Assuming a movant has made a prima facie showing of entitlement to judgment as a matter of law by proffering sufficient evidence to eliminate any genuine material issues of fact, the party in opposition to the motion for summary judgment must tender evidentiary proof in admissible form to establish the existence of material issues which require a trial. Winegrad v New York University Medical Center, 64 NY2d 851 (1985); Zuckerman v City of New York, 49 NY2d 557 (1980). While it is not the best practice, the use of an attorney's affirmation appending pertinent deposition testimony or documentary evidence and a verified pleading reciting material facts, is not a fatal procedural flaw in a presentation. Alvarez v Prospect Hospital, 68 NY2d 320, 325 (1986).[1] As an initial matter the Court will treat the motion as adequately supported, given the concurrence of the Claimant in his sworn affidavit concerning the fact of his receipt of workers' compensation benefits.
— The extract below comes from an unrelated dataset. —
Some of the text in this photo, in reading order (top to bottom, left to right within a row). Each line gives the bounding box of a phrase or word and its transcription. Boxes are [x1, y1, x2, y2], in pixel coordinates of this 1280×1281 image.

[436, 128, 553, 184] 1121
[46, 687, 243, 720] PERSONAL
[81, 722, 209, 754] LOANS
Defendant has established without contradiction that the Claimant is receiving workers' compensation benefits for the same injury alleged in the Claim. Based upon the exclusivity and finality provisions of the Workers' Compensation Law, and the case law decided thereunder, the claim here cannot be maintained. The Court is satisfied that Defendant is entitled to judgment as a matter of law, as there are no triable issues of fact presented. Accordingly, Defendant's motion for summary judgment and for dismissal of the within claim is granted and Claim Number 105982 is dismissed in its entirety.

March 5, 2004
White Plains, New York

HON. THOMAS H. SCUCCIMARRA
Judge of the Court of Claims





[1]"A fair reading of the attorney's affirmation, the hospital records and the defendant's deposition testimony compel the conclusion that no material triable issues of fact exist as to the claims of malpractice asserted against the defendant in the amended complaint as amplified by the bill of particulars. The fact that defendant's supporting proof was placed before the court by way of an attorney's affirmation annexing deposition testimony and other proof, rather than affidavits of fact on personal knowledge, is not fatal to the motion . . . (citations omitted)."